_Instructions for the task:_ All entries below are to be returned exactly, with pictures left out.

_Data supplied:_
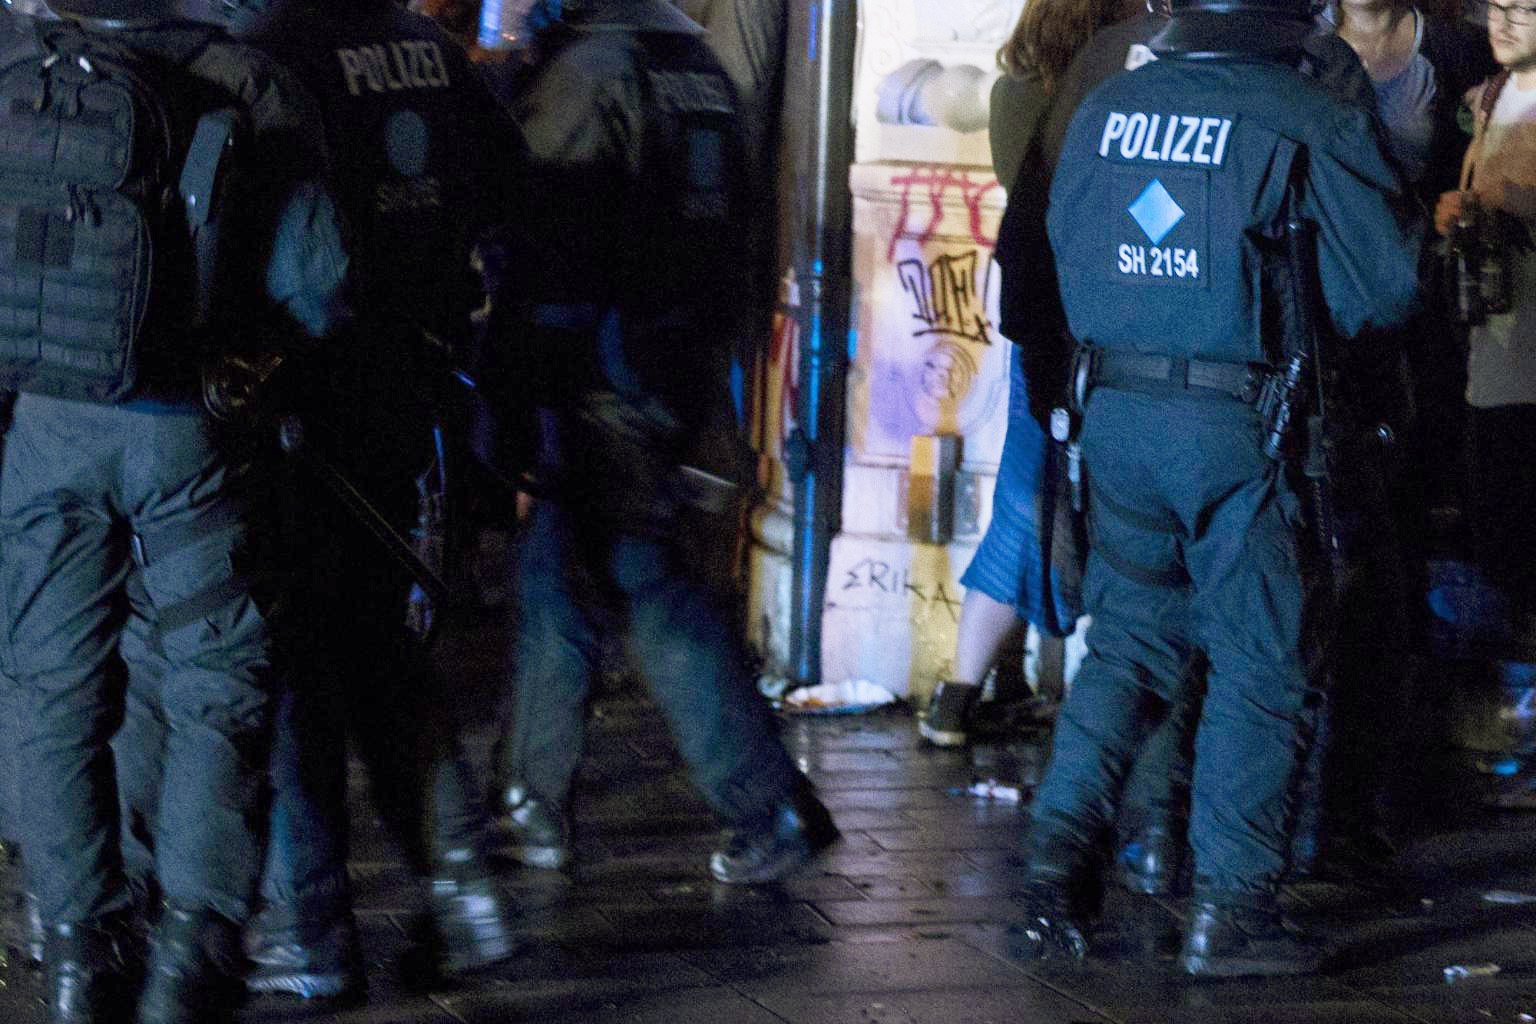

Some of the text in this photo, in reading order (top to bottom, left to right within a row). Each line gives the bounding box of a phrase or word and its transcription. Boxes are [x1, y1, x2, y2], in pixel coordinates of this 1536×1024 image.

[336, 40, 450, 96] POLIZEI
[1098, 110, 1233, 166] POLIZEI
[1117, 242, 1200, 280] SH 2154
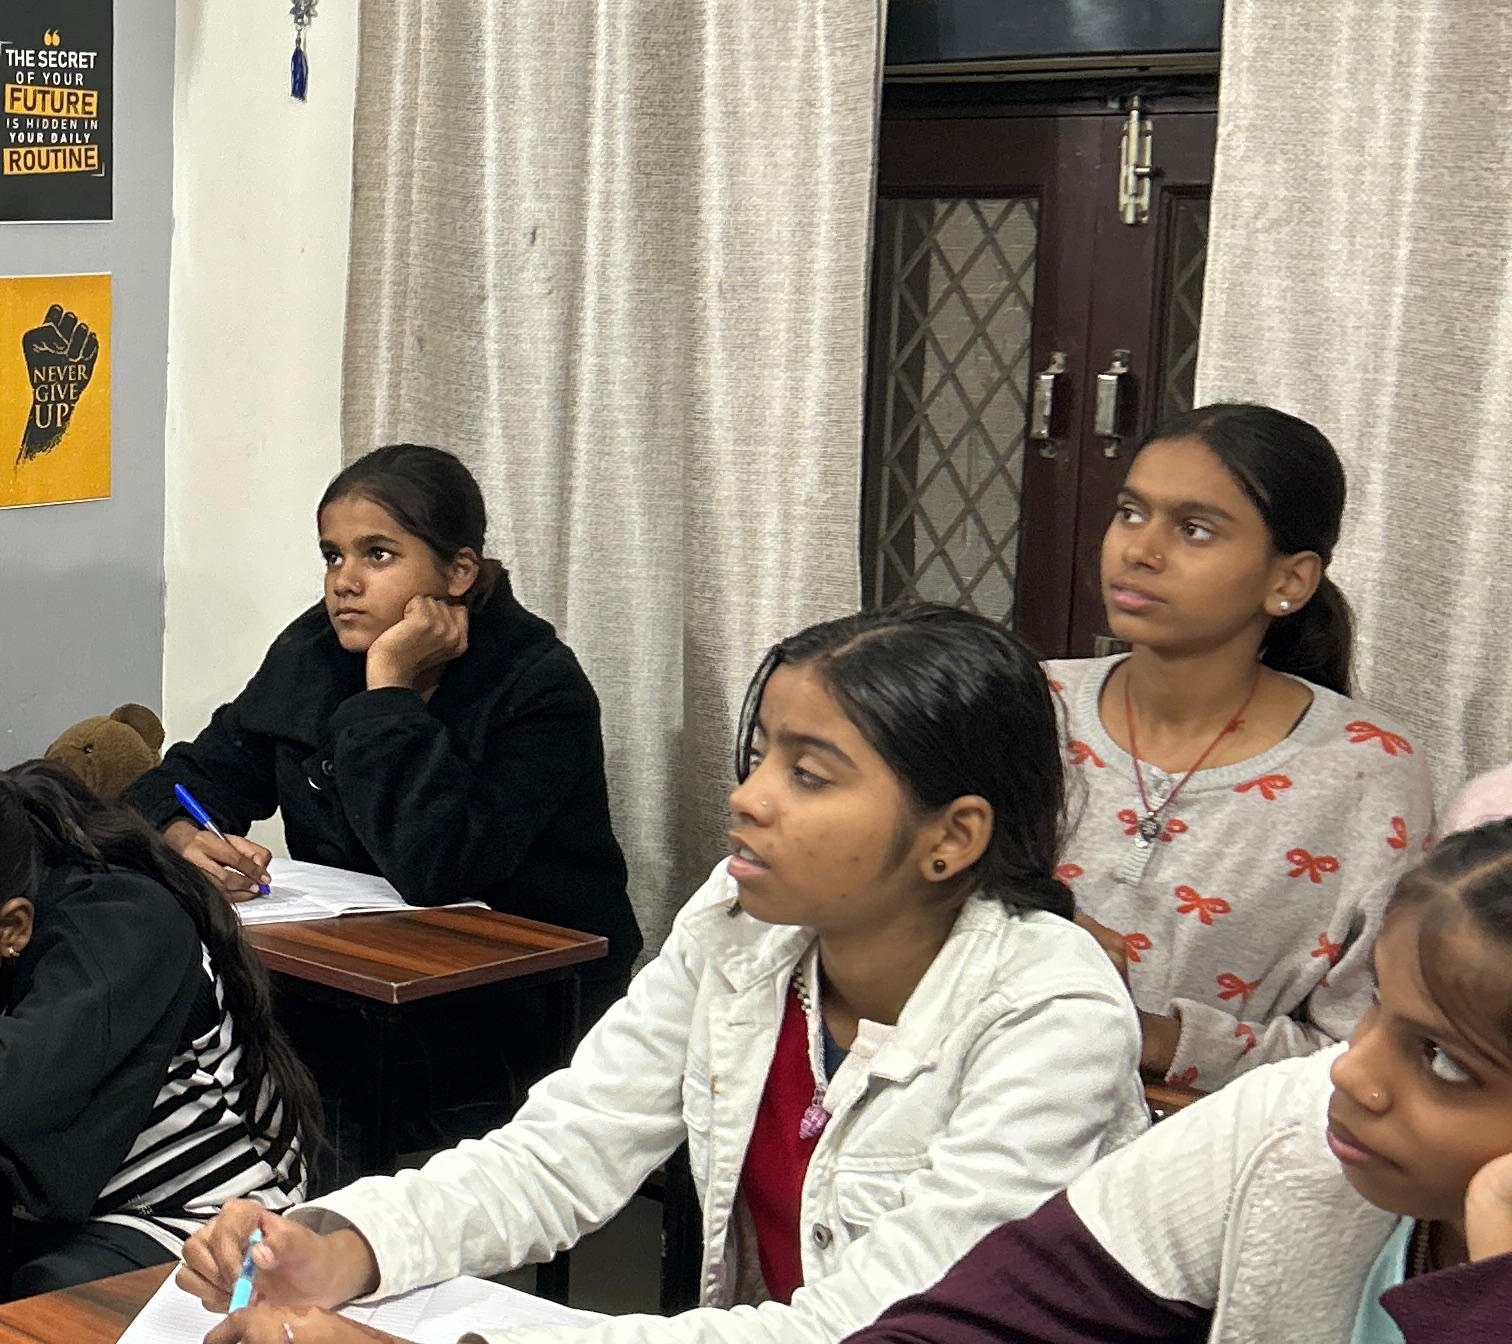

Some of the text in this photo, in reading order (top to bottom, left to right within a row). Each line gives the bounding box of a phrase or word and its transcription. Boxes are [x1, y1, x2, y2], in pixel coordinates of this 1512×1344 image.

_Answer:_
Some of the text in this photo, in reading order (top to bottom, left to right within a row). Each line gives the bounding box of a phrase or word and its transcription. Boxes are [x1, y1, x2, y2], in pixel coordinates of this 1536×1024 image.

[336, 40, 450, 96] POLIZEI
[1098, 110, 1233, 166] POLIZEI
[1117, 242, 1200, 280] SH 2154

Some of the text in this photo, in reading order (top to bottom, left to right within a row). Each line gives the bounding box of a phrase or word and its transcription. Boxes are [x1, y1, x2, y2], in pixel coordinates of this 1512×1344 image.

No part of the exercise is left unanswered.